• Task prompt
If an entry includes an image, drop the image and copy the rest verbatim.

[Referring expression grounding data]
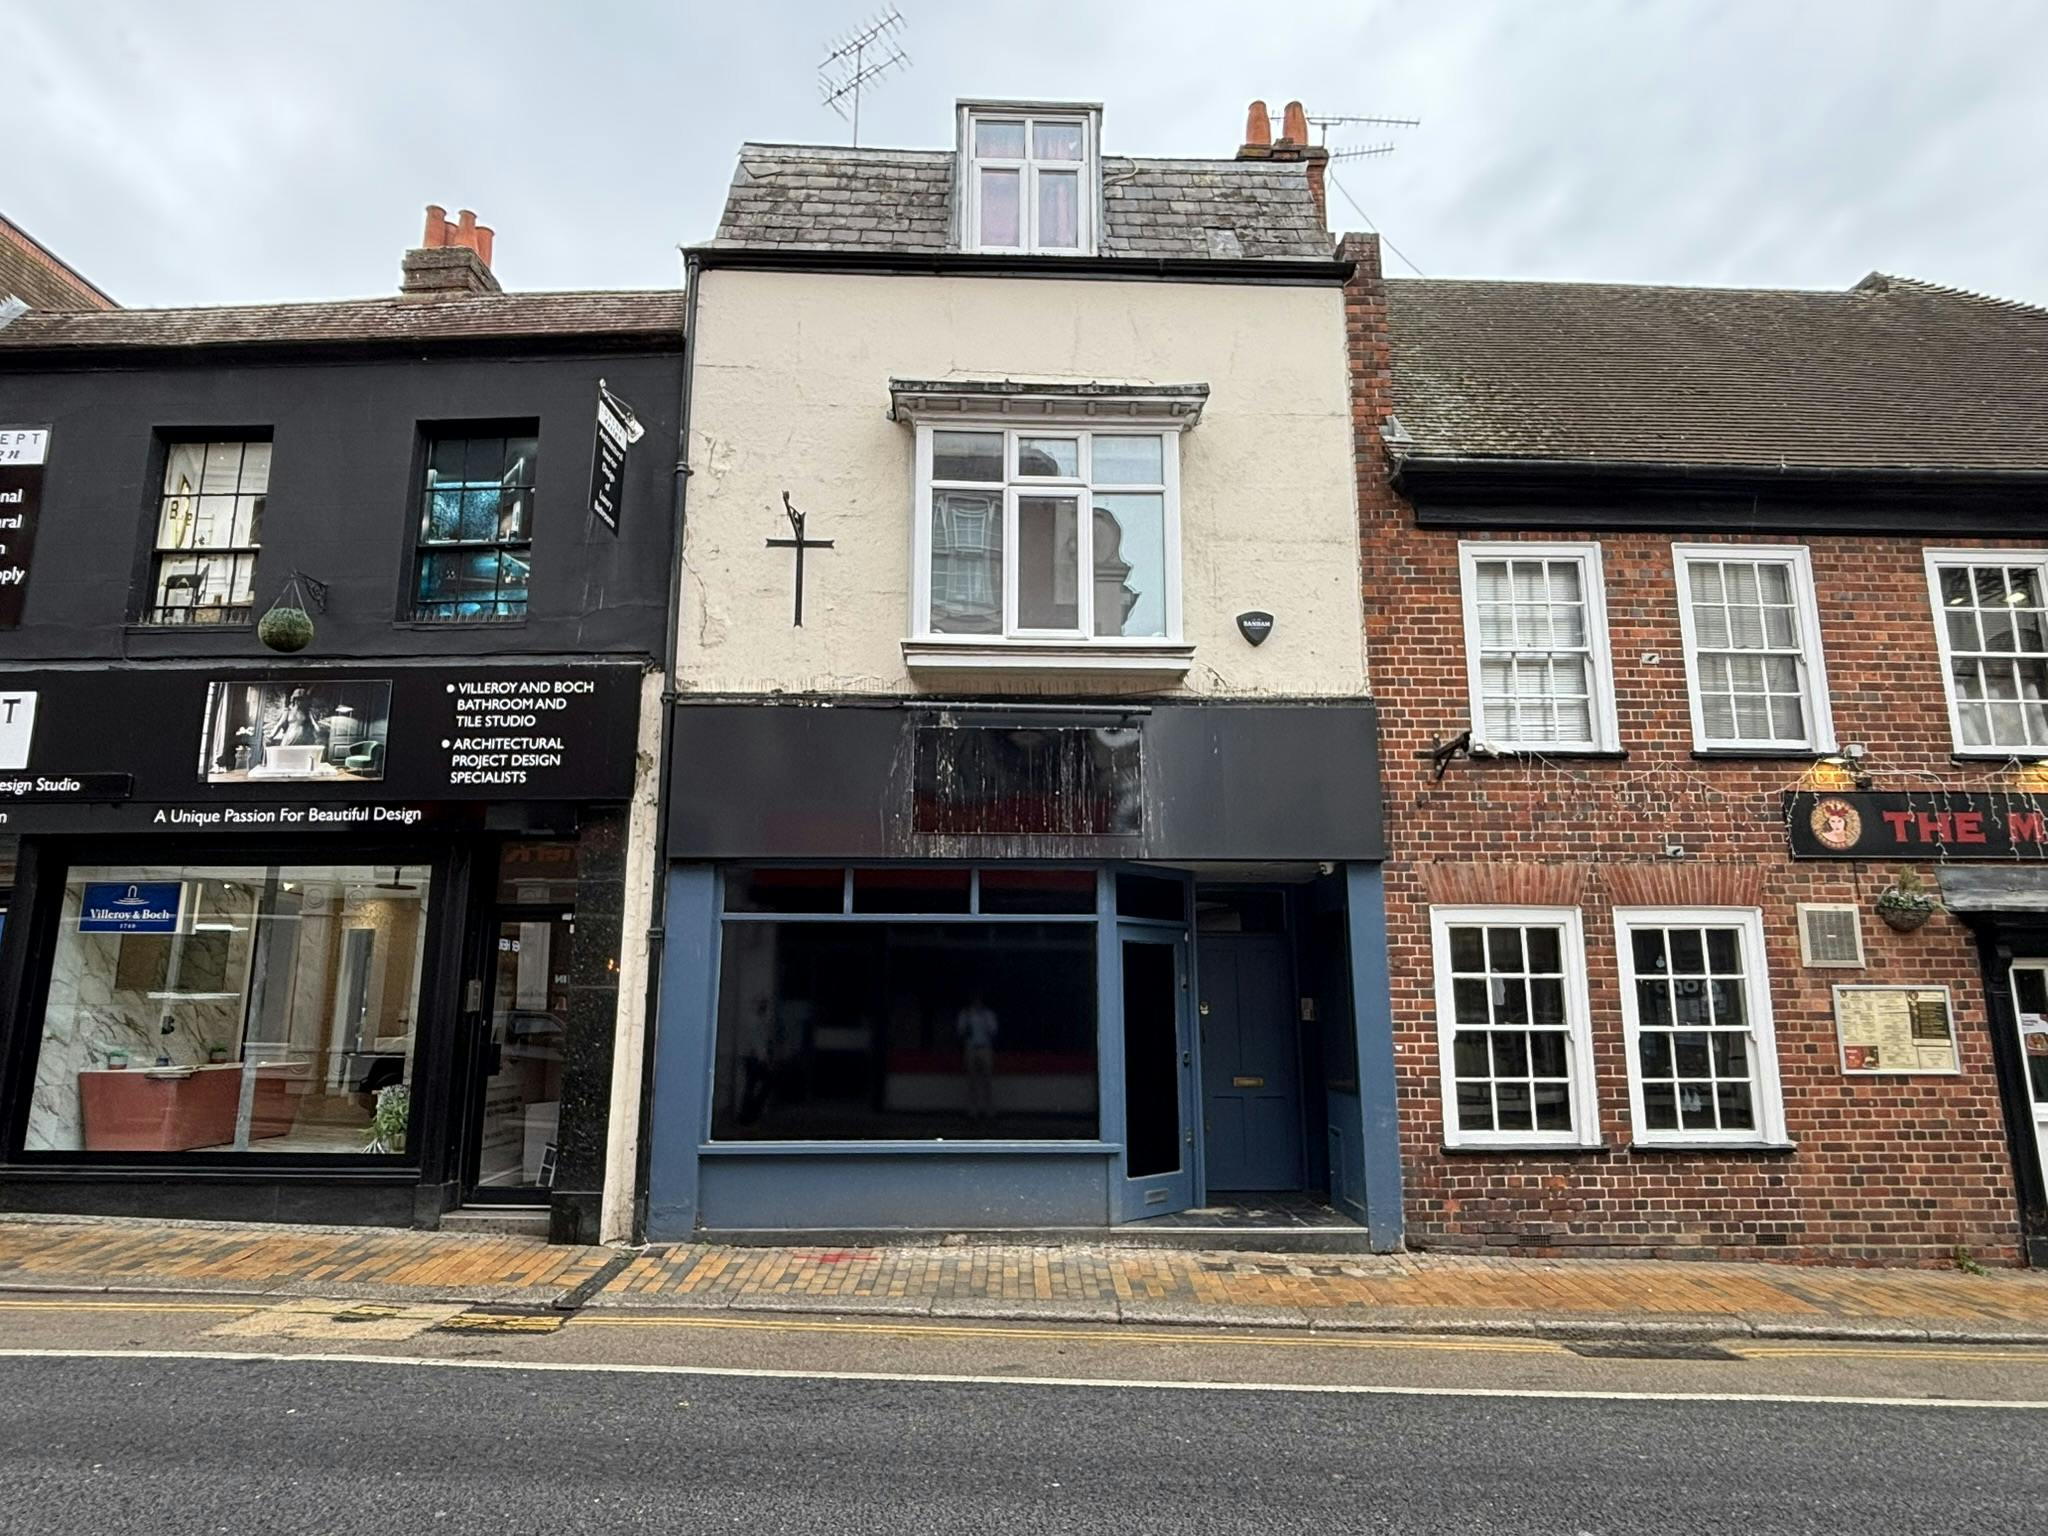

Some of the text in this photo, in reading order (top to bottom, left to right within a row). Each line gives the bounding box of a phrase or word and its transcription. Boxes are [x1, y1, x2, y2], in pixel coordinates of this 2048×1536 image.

[458, 681, 594, 694] VILLEROY AND BOCH
[457, 698, 567, 711] BATHROOM AND
[456, 715, 536, 727] TILE STUDIO
[453, 738, 564, 750] ARCHITECTURAL
[452, 754, 561, 770] PROJECT DESIGN
[36, 777, 80, 791] Studio
[450, 771, 527, 784] SPECIALISTS
[154, 806, 422, 827] A Unique Passion For Beautiful Design
[1882, 811, 1987, 844] THE
[90, 908, 169, 921] Villeroy & Boch
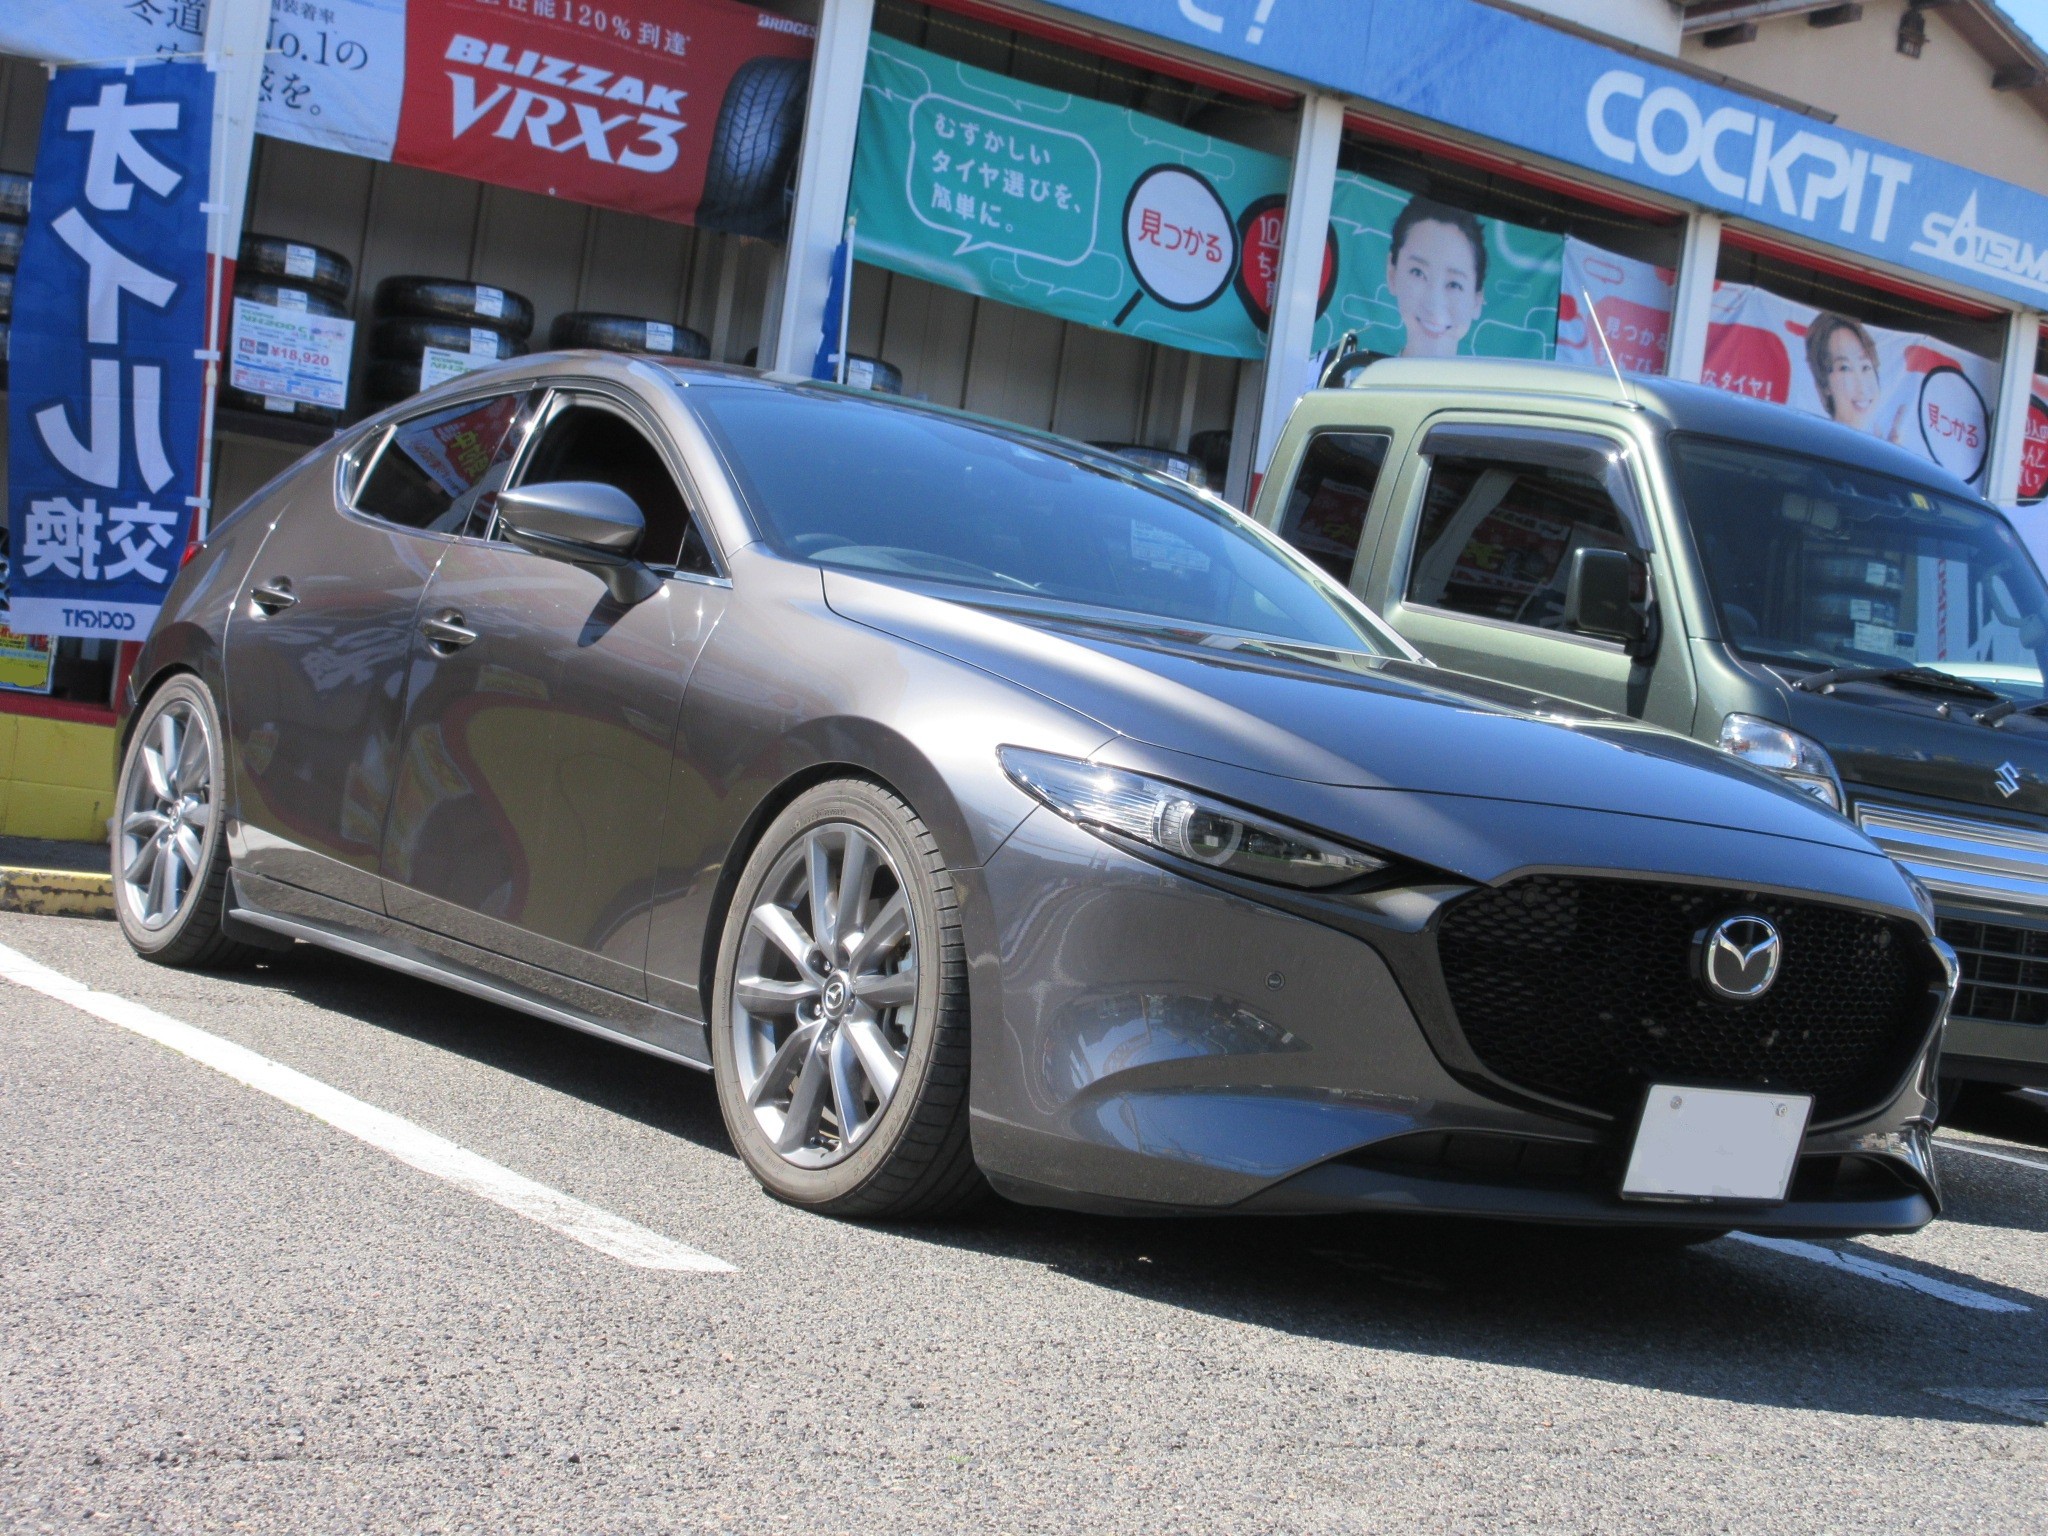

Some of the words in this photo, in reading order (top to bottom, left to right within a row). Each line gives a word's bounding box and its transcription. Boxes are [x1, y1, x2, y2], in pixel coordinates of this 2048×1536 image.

• Solution for this problem
Some of the text in this photo, in reading order (top to bottom, left to right within a row). Each line gives the bounding box of a phrase or word and its transcription. Boxes are [x1, y1, x2, y2], in pixel coordinates of this 2048×1536 image.

[458, 681, 594, 694] VILLEROY AND BOCH
[457, 698, 567, 711] BATHROOM AND
[456, 715, 536, 727] TILE STUDIO
[453, 738, 564, 750] ARCHITECTURAL
[452, 754, 561, 770] PROJECT DESIGN
[36, 777, 80, 791] Studio
[450, 771, 527, 784] SPECIALISTS
[154, 806, 422, 827] A Unique Passion For Beautiful Design
[1882, 811, 1987, 844] THE
[90, 908, 169, 921] Villeroy & Boch

Some of the words in this photo, in reading order (top to bottom, left to right within a row). Each line gives a word's bounding box and its transcription. Boxes are [x1, y1, x2, y2], in pixel coordinates of this 2048×1536 image.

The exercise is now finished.